2014 GSA Annual Meeting in Vancouver, British Columbia (19–22 October 2014)

Paper No. 309-2
Presentation Time: 9:15 AM


PICKUS, Benjamin A., HERMAN, Janet S. and MILLS, Aaron L., Dept. of Environmental Sciences, University of Virginia, PO Box 400123, Charlottesville, VA 22904-4123

Nitrate flux from agricultural watersheds via streams impairs coastal water quality on the Atlantic coast. On Virginia’s Eastern Shore, low-relief gaining streams drain 54 small agricultural watersheds (80-1100 ha) that extend from the center of the Delmarva Peninsula to coastal lagoons and the Atlantic Ocean. Nutrient flux is controlled by the magnitude of water flux, but the determination of water flux is confounded by inadequate rating curves. At 4 streams, continuous measurement (10-min intervals) of water-surface elevation was accomplished using submerged pressure transducers in stilling wells installed on the streambank.

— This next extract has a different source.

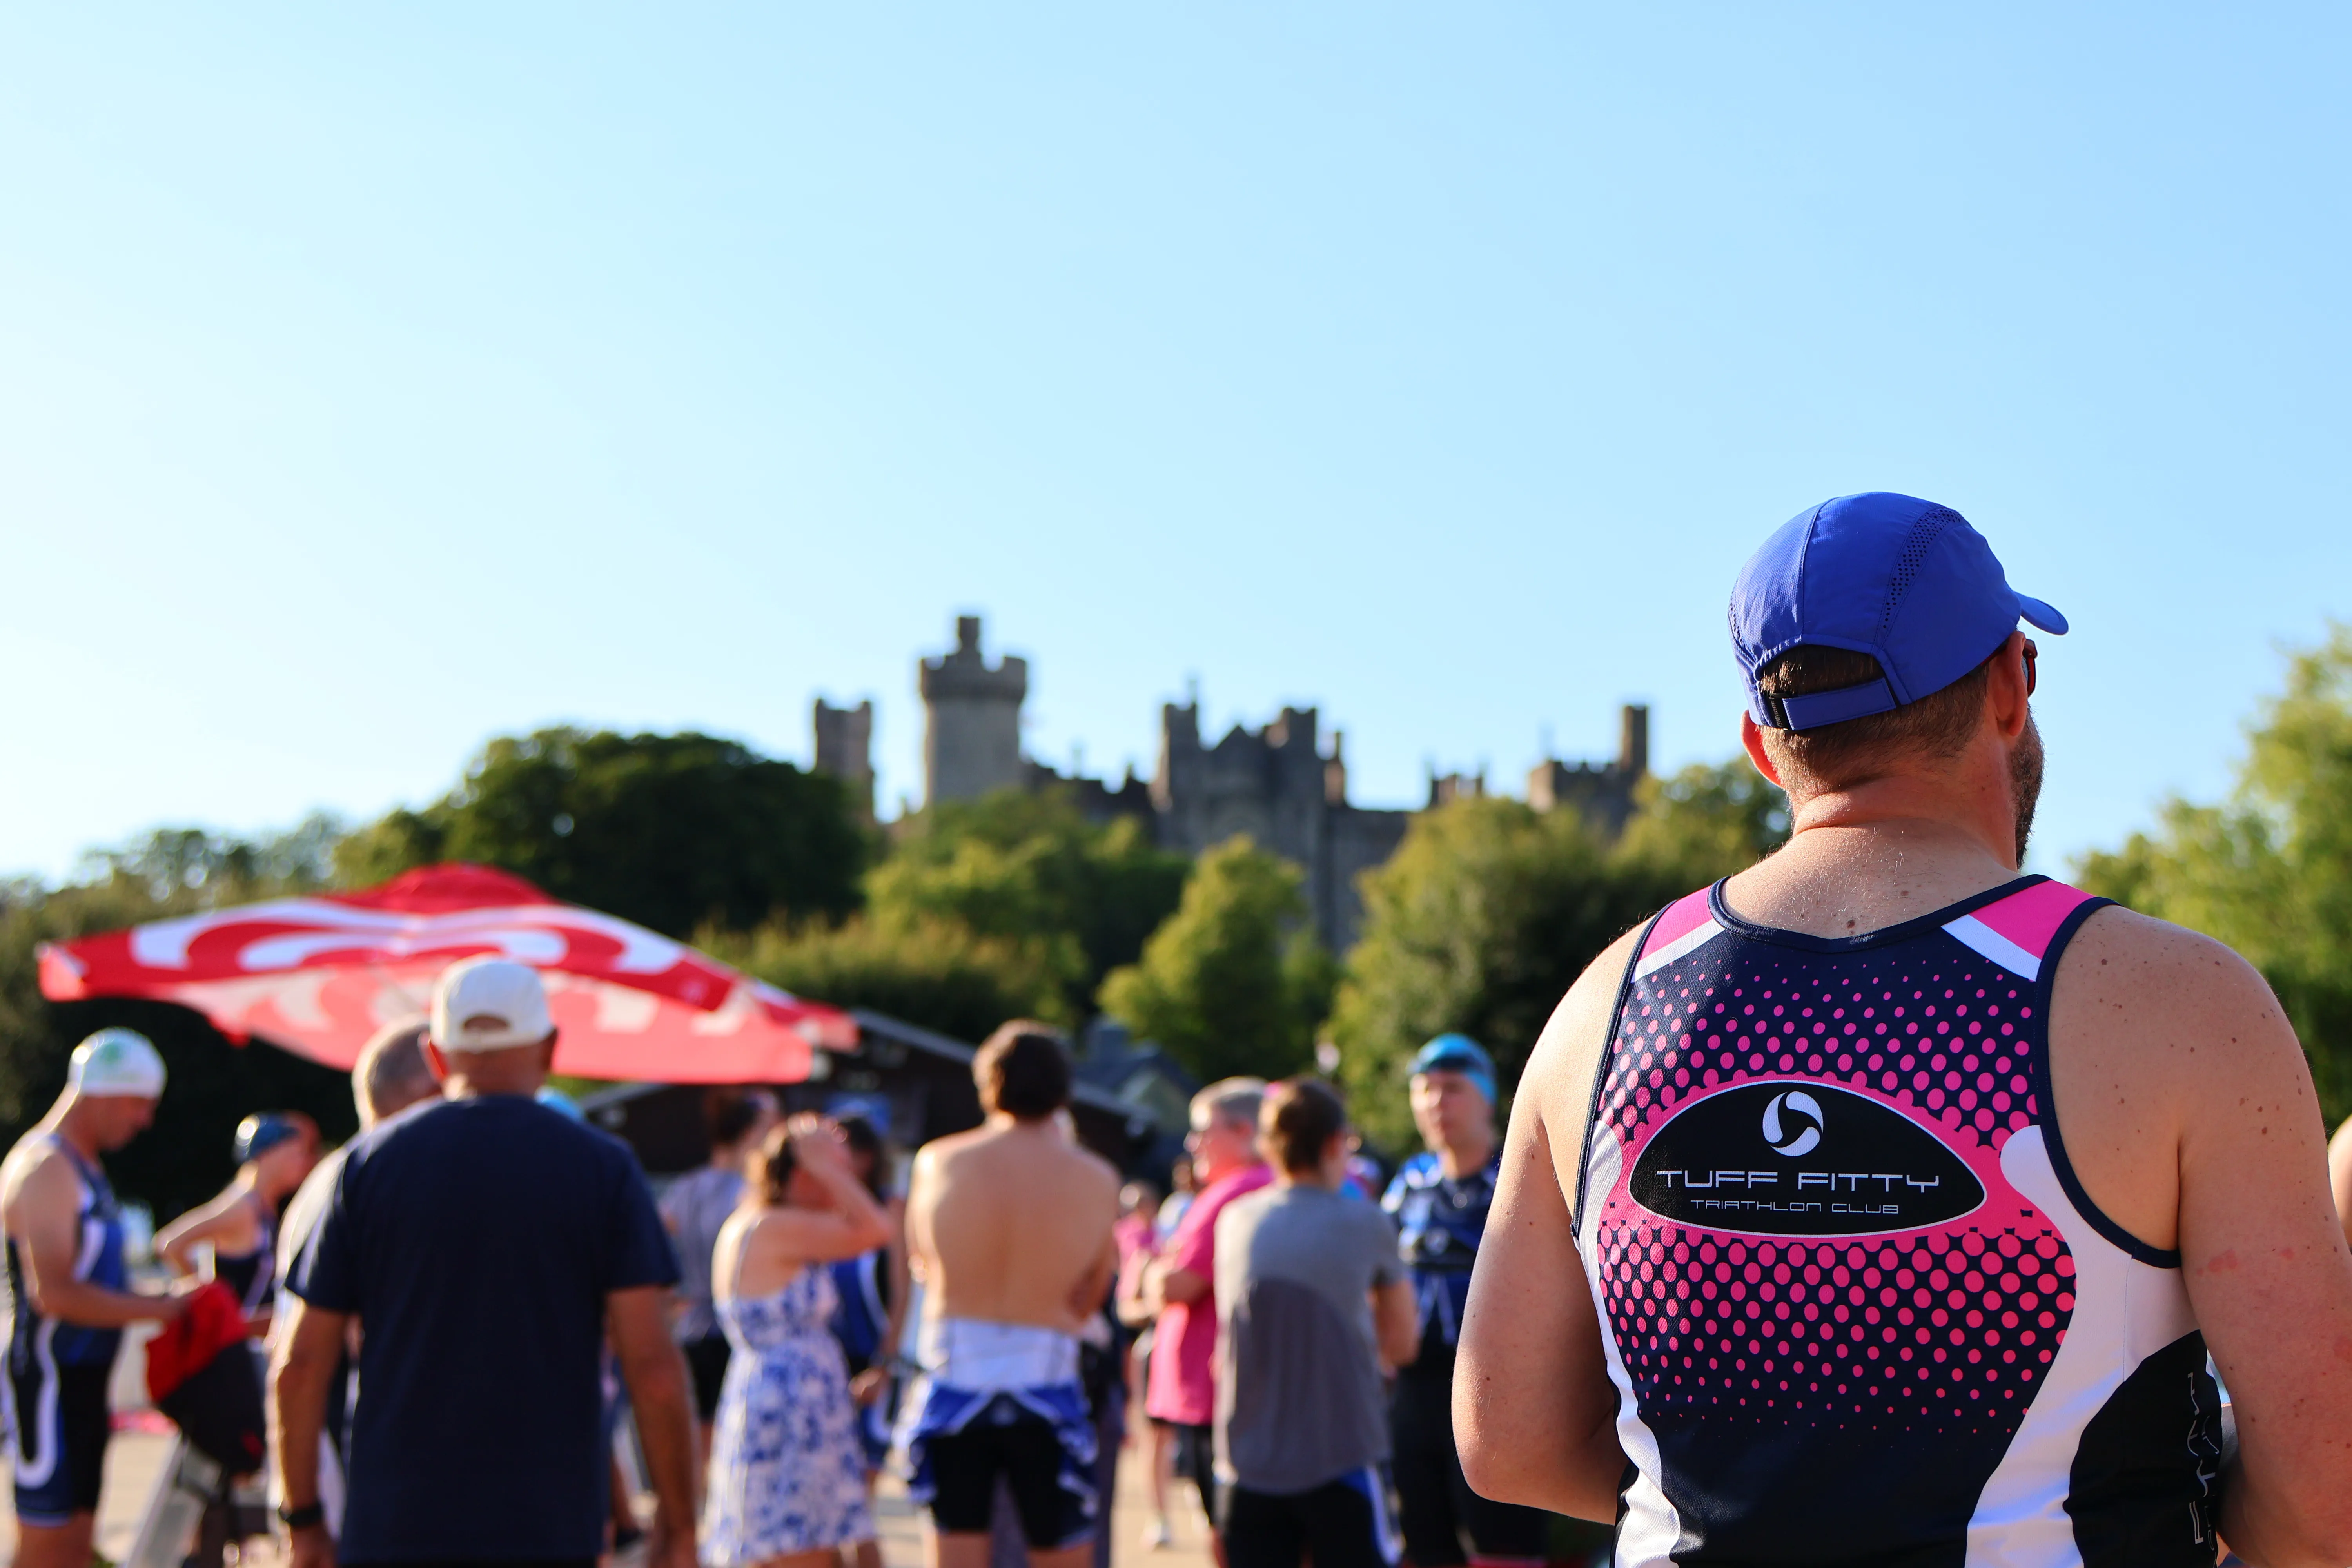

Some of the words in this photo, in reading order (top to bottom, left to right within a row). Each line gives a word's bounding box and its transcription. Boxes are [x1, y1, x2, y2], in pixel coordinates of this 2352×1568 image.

Rating curves developed from instantaneous discharge measurements using a hand-held flow meter failed to predict reasonable discharge at high stage, and a thorough examination of stream-channel morphology was undertaken to explore actual stream cross sections for various recorded stages. Cross sections were measured at regular intervals downstream of a culvert used as a control structure for gauging purposes with a laser level and tape and with a total station. Putting together the cross sections at each stream, a model of the stream that extended into the floodplain was developed. Using the stage record with the detailed stream geometry, the areal extent and depth as well as the length of time that streamwater inundates the floodplain were modeled. Microbially mediated denitrification in subsurface water can dramatically reduce the amount of nitrate flowing from watersheds. With new insights into stream access to floodplain areas during high-flow events, we explored the potential for bank infiltration and denitrification in riparian-zone sediments. Infiltration rates were measured using an infiltrometer to quantify the magnitude of surface-water input to the subsurface during high-stage events. Using the annual stage hydrograph, we demonstrate that bank infiltration during storm events and subsequent denitrification may contribute to overall nitrate reduction, although the magnitude of the effect on overall nitrate flux is small in these very flashy streams where the predominant environment for nitrate reduction is in the organic-rich streambed sediments where groundwater discharges to the stream.